To see one of my iris slideshows adjust your speaker volume for music and then click  5 minute Slideshow. The show has 50 photographs taken in our iris patch. 
They are tall bearded irises, historic and new, in no particular order.  You can stop the slide show at any time by pressing the "Esc" button on the top left of your keyboard or the "X" button at the top right of your screen.  If you want to hear all three songs in the show slide the cursor across the iris while the slideshow is running and white letters appear; click on the rectangle to the right of all the white letters; when you click, it will allow the show to loop and play over and over until you stop it.  When the slash line is through the box it will not repeat play.  

I'll end this article with the same question that Susanne asked before:  What are some ways you enjoy the beauty of your irises through the year? Do you have any creative ways to preserve their beauty when they're not blooming?”

P.S.  I’m often asked if I sell or trade my irises.  I’m sorry but I don’t.  My husband has Alzheimer’s disease and he does all the digging and takes care of our orchard (and me!) and I can’t ask him to do more.  I can give you the name of the iris, the hybridizer, and the year of registration (for most) so you can order your favorites. I do keep rows of irises for sharing, and I give those away to people who come to the garden while they are blooming, usually around Memorial Day, but I do not sell them.


  1. I am so impressed with the wonderful work that you do off season with all of the books and digital scrapbooks. I especially love the collages. If I had a yard, this blog would most likely inspire me to start planting irises! It is beautifully done. Thank you sharing.

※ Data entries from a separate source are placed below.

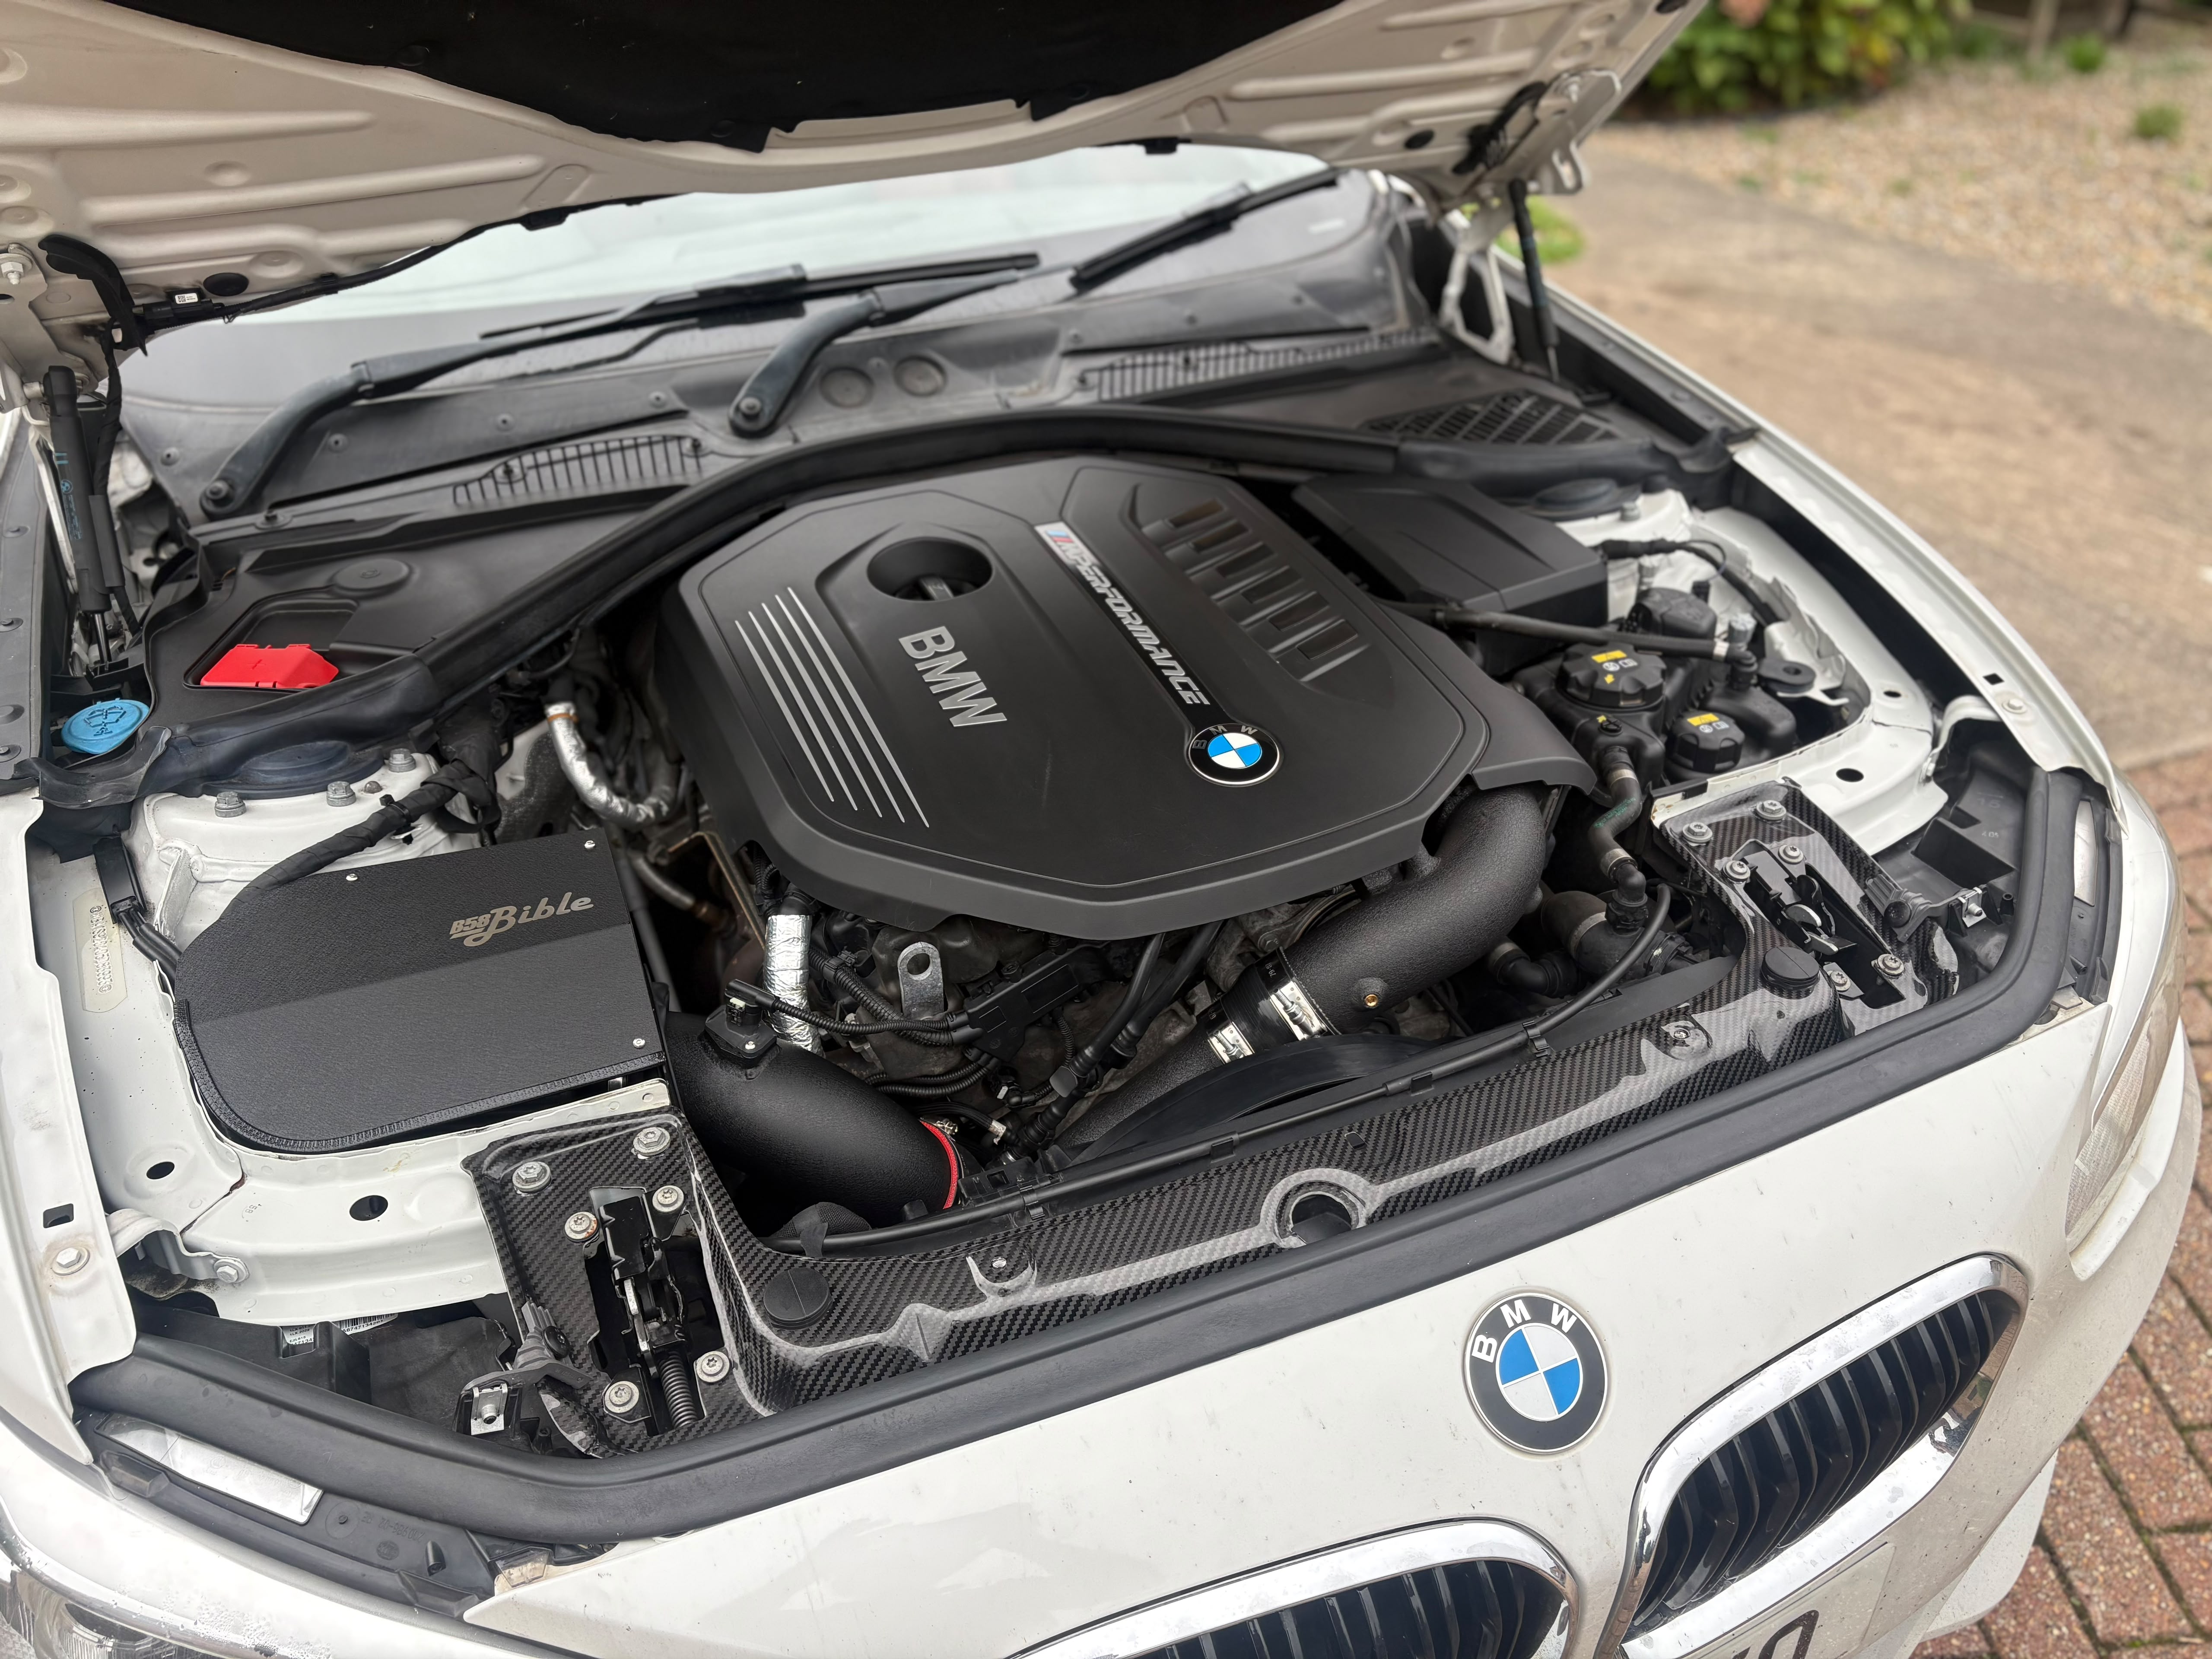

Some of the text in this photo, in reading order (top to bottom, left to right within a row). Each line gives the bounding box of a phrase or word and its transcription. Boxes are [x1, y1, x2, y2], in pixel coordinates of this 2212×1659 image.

[1075, 553, 1211, 705] PERFORMANCE
[899, 626, 1007, 727] BMW
[1192, 725, 1258, 749] BMW
[449, 892, 594, 947] B58 Bible
[1471, 1299, 1577, 1363] BMW

    1. Thank you for your kind words. I appreciate them.

  2. Great article, Dawn! You've gone to a lot of work and it shows!

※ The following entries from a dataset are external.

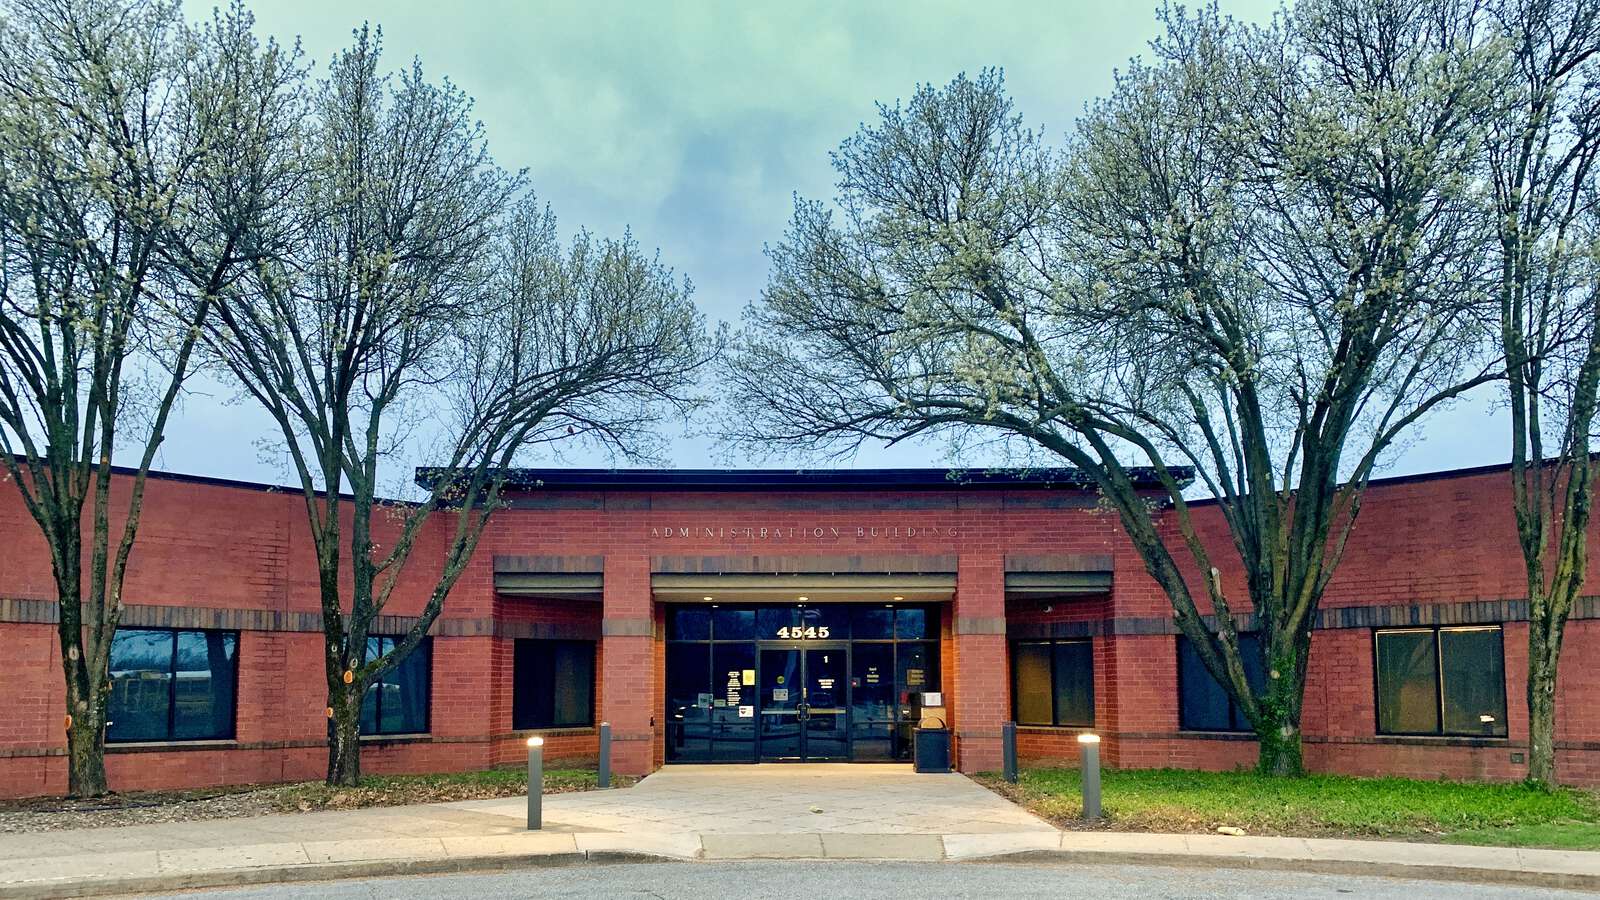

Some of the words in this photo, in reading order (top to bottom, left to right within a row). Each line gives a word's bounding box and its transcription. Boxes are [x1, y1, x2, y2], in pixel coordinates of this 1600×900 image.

[651, 527, 839, 538] ADMINISTRATION
[857, 527, 958, 538] BUILDING
[776, 626, 829, 638] 4545
[823, 655, 828, 664] 1
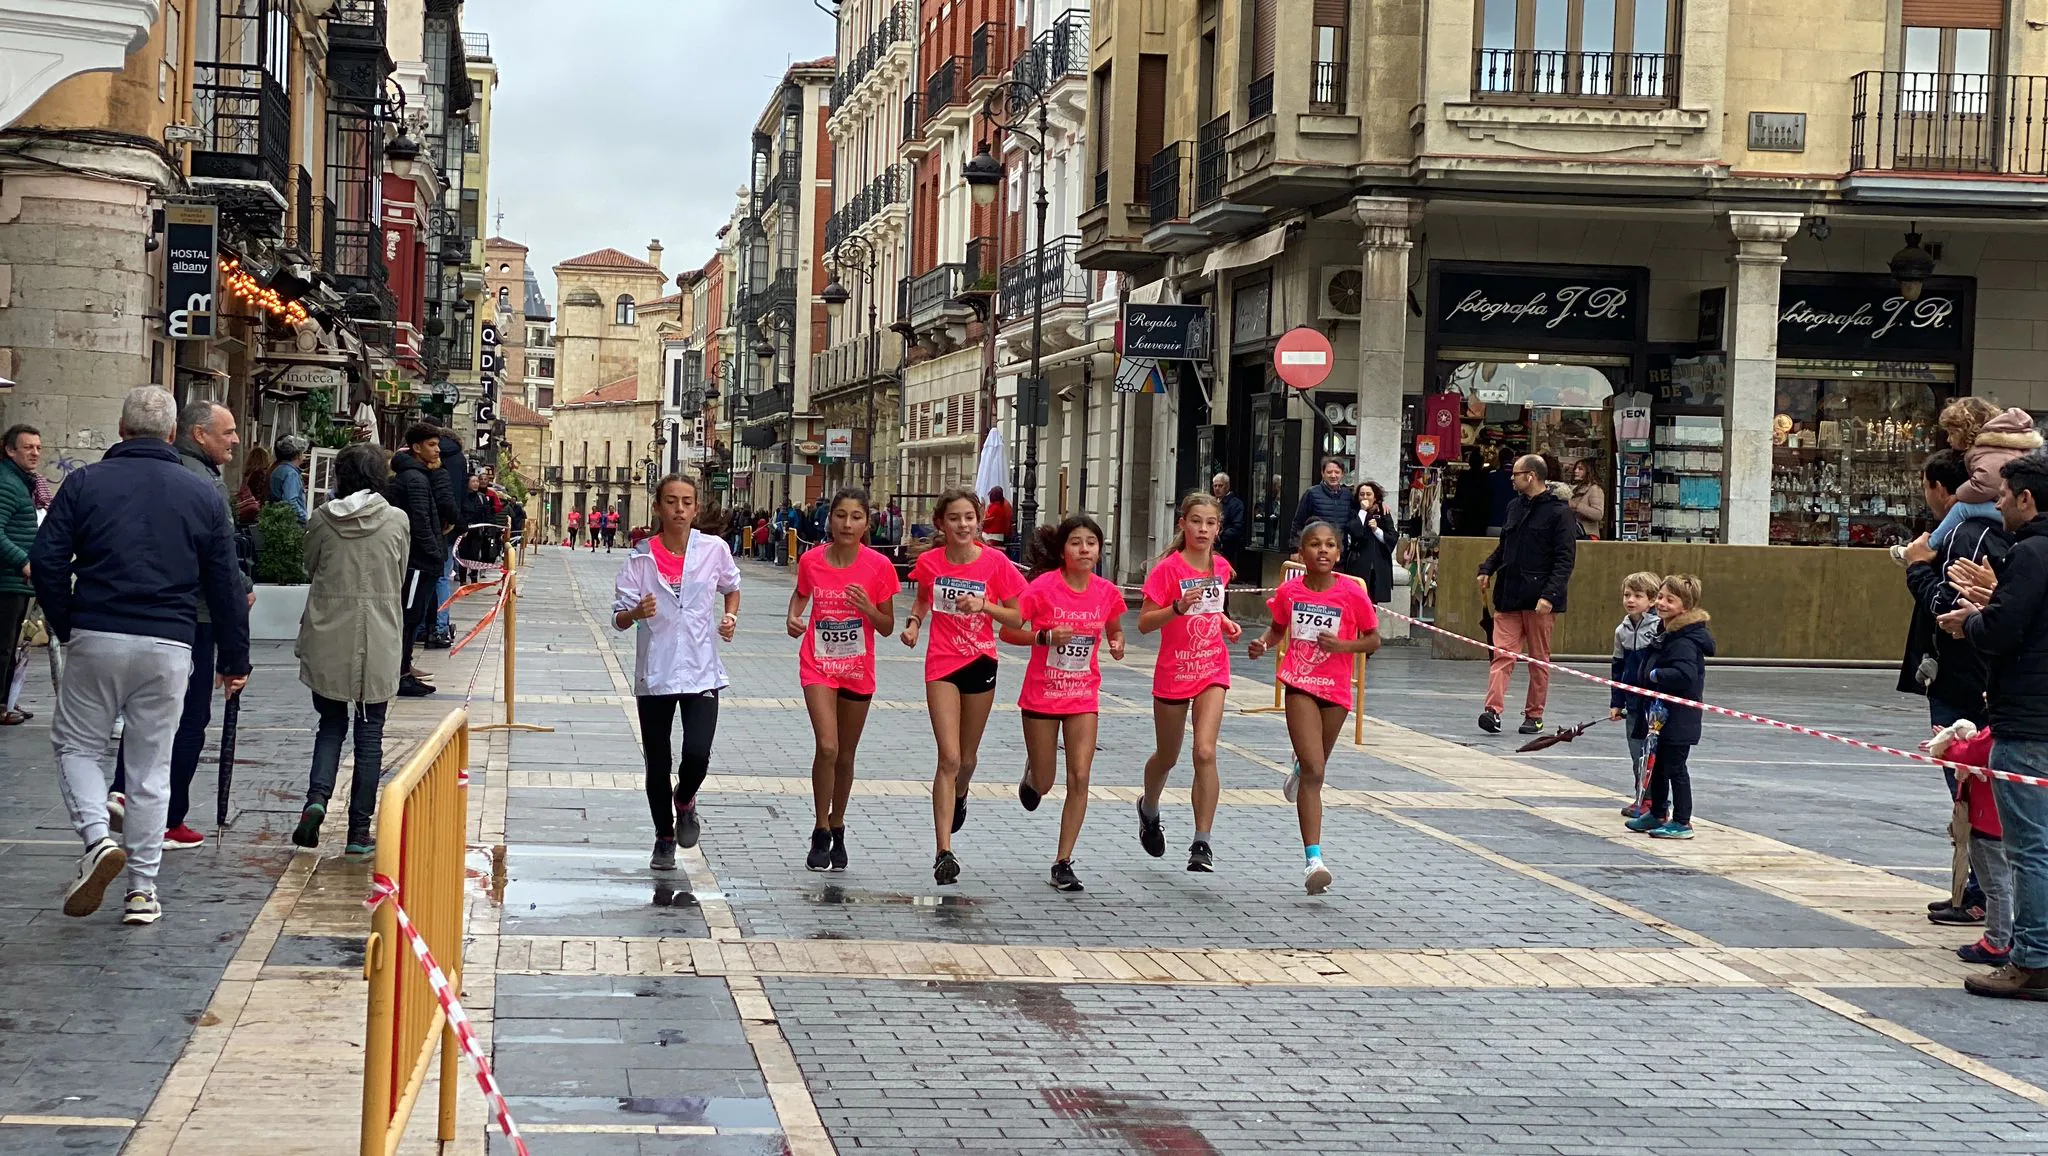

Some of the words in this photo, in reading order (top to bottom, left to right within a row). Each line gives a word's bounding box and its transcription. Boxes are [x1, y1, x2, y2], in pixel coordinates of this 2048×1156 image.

[1761, 126, 1792, 134] PLAZA
[170, 249, 209, 259] HOSTAL
[172, 262, 208, 273] albany
[1445, 289, 1548, 323] fotografia
[1129, 312, 1178, 333] Regalos
[1778, 300, 1874, 334] fotografia
[1129, 335, 1182, 350] Souvenir
[1297, 613, 1333, 629] 3764
[822, 630, 858, 643] 0356
[1056, 644, 1090, 657] 0355
[1291, 676, 1336, 686] CARRERA

    1. That nice comment is especially great coming from you. Thanks.

  3. Thank you so much for this article. I just recently finished a huge new TB bed, which I documented on the Greater St. Louis Iris Society's Facebook page. I was wondering how I could use the photos I took of the building and planting of the bed, and continue it in the spring during bloom season. I was tossing around the idea of a scrapbook, but you've given me all kinds of ideas! If you'd like to see the building of the bed, just go on to FB and like the Greater St. Louis Iris Society page. It's a relatively new page, and we're hoping that through social media, we can increase interest and membership in the Society, and maybe even bring in some young people. Thank you, again, for a great article! I'll be sharing it on our page!!